Terzo episodio dell’oramai classica serie di tributi all’universo di Star Wars da parte dei geni dietro Robot Chicken. Chi non ne avesse mai vista una puntata si prepari a un esempio perfetto di “scrittura a cipolla”. Se prendiamo un episodio qualsiasi di un’ altrettanto generica stagione avremmo sempre a che fare con una superficie stupida, spesso tangente al piano della volgarità gratuita o del nonsense fine a se stesso. Da questo punto di vista le varie gag dovrebbero avere una potenza dirompente, basandosi su meccanismi ben comprensibili da chiunque e rodati in anni di commedie cinematografiche e televisive (pensiamo al continuo gioco al ribasso di Seth MacFarlane). Eppure non sono in molti a ridere delle action figure di Green e Senreich. Questo perché, scandagliando un livello appena più profondo, si scopre di avere a che fare con una scrittura asciutta e talmente sintetica da sfiorare il parossismo. Per quanto possa apparire stupido allo spettatore medio Robot Chicken non ha mai ceduto alla tentazione di imboccare il suo pubblico. Se vuoi capirne l’umorismo devi aver letto tonnellate di fumetti, visto centinaia di film e passato intere giornate davanti alla TV. Siamo di fronte alla classica serie sfigata per sfigati? Così sembrerebbe, anche se scendendo di ancora un livello si arriva a un'altra conclusione.
Cosa ha permesso al mondo nerd di diventare la macchina multimilionaria degli ultimi anni? L’innesto di realtà in un mondo di carta e inchiostro. In una maniera tutta nuova. Se Moore e Miller (e Mills, e Veitch,…) negli anni ’80 ci avevano convinto che maschere e mantelli nel mondo reale avrebbero fatto rima con depressione e malattia, i più recenti Millar ed Ennis (tra i tanti) ci hanno convinto del contrario. Da Authority al Tony Stark cinematografico, passando per tutta la macchina narrativa di Bendis, abbiamo a che fare con una masnada di smargiassi pieni di sé. Tutto è quantificabile (in migliaia di vittime), collegabile alla nostra esperienza del mondo (le Stark Enterprises che fanno concorrenza alla Nokia) e dolosamente attuale (superterroristi al posto di supercriminali, come visto anche in serie extra Ultimate tipo l’Iron Man di Fraction). I super eroi sono meglio di noi. Più intelligenti, più belli, più popolari. Nel mondo di Green e Senreich invece tutto funziona al contrario. Non prendono personaggi di fantasia per fargli vivere roboanti avventure nel nostro mondo, ma invertono il paradigma. Prendono situazioni reali (anzi, quotidiane) e le infilano sotto l’epidermide della narrazione di genere. Il risultato è dirompente.
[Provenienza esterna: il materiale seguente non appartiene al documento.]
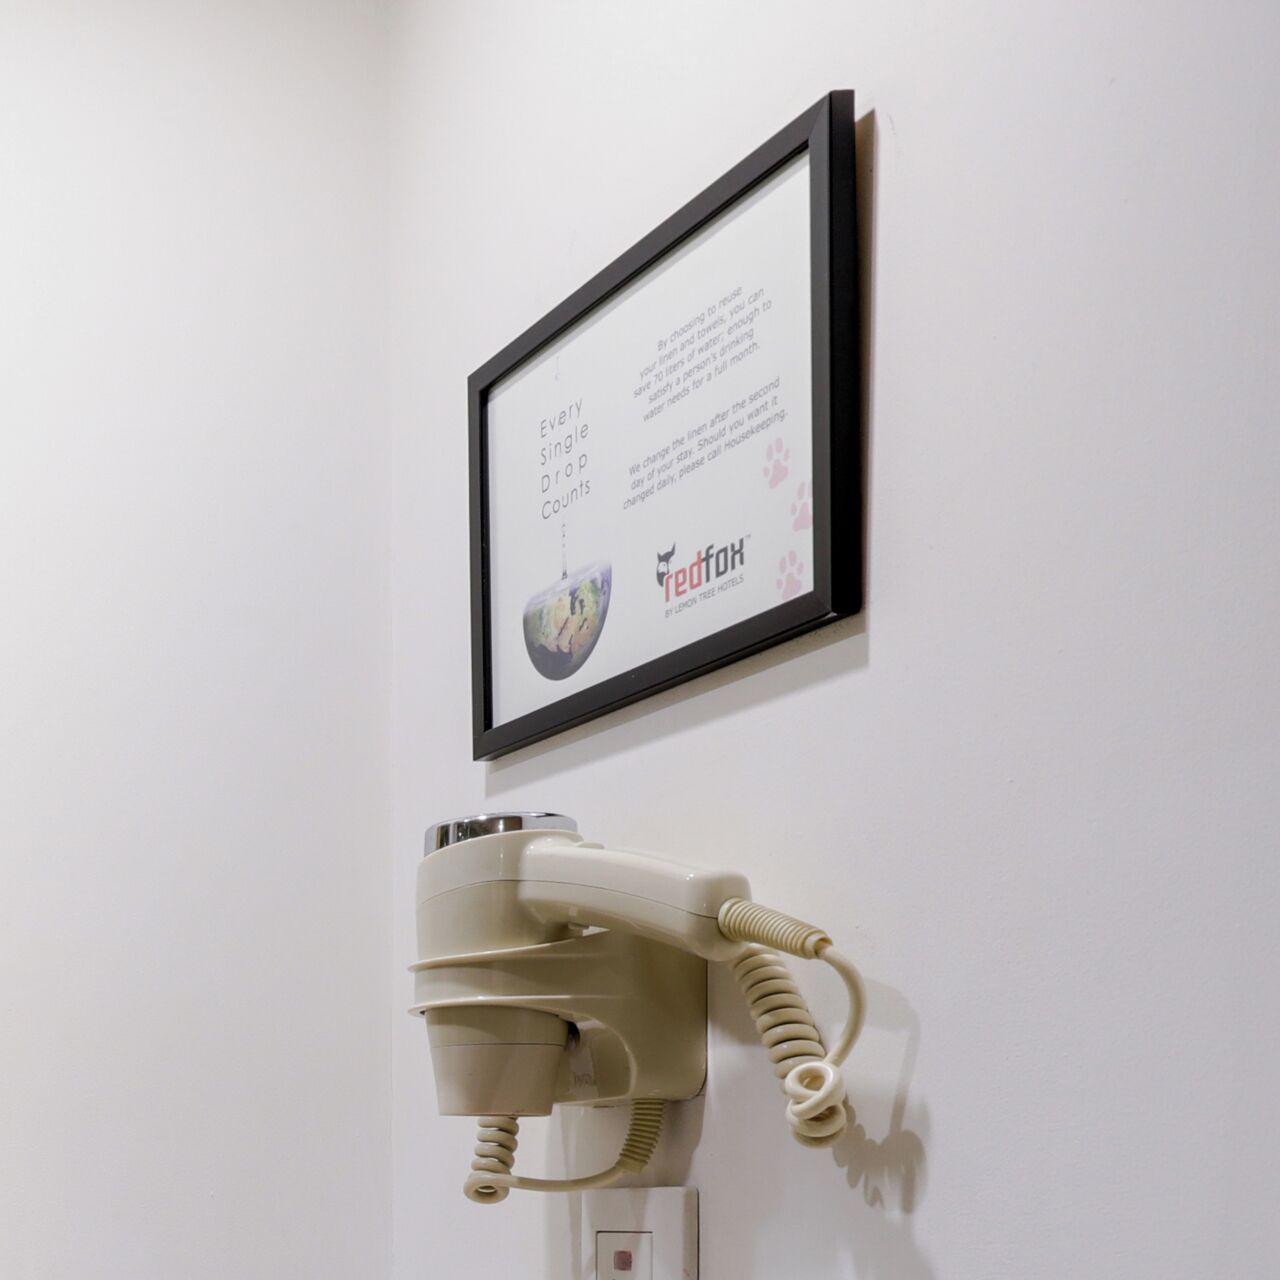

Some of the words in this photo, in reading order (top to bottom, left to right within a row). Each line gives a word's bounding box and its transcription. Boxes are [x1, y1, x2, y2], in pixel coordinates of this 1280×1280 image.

Gli eroi saranno in grado di salvare l’Universo prima della fine di ogni episodio (non di RC, comunque), ma si comportano da autentici imbecilli quando hanno a che fare con uno dei nostri problemi. Così eccoli trasformarsi in idioti meschini ed egoisti.
Questo terzo speciale di Star Wars non fa eccezione. Anche se si rimpiange il grezzume di cartone delle primissime puntate della serie principale, l’umorismo si è fatto più raffinato e sottile. A volte fa addirittura capolino una parvenza di costruzione narrativa coerente. Tutto senza mai perdere un grammo della sua carica rabbiosa. Nonostante tutti i proclami degli autori, e una conoscenza enciclopedica dell’universo di George Lucas, non si scorge il minimo segno di affetto verso i bersagli degli scherni. Sembrerebbe quasi una vendetta nerd, un atto terroristico per riprendersi anni gettati davanti a uno schermo o a un albo. Non è un caso che in questo episodio le gag più gustose siano affidate a tutta una serie di personaggi che nei film originali rimangono sullo sfondo: Gary lo Stormtrooper, Prune Face (geniale), il maestro Jedi dal pianeta Kamino,… e le citazioni si siano fatte più colte e meno legate all'universo da fumetteria. Che Green e Senreich siano (o vogliano farci credere di essere) diventati grandi?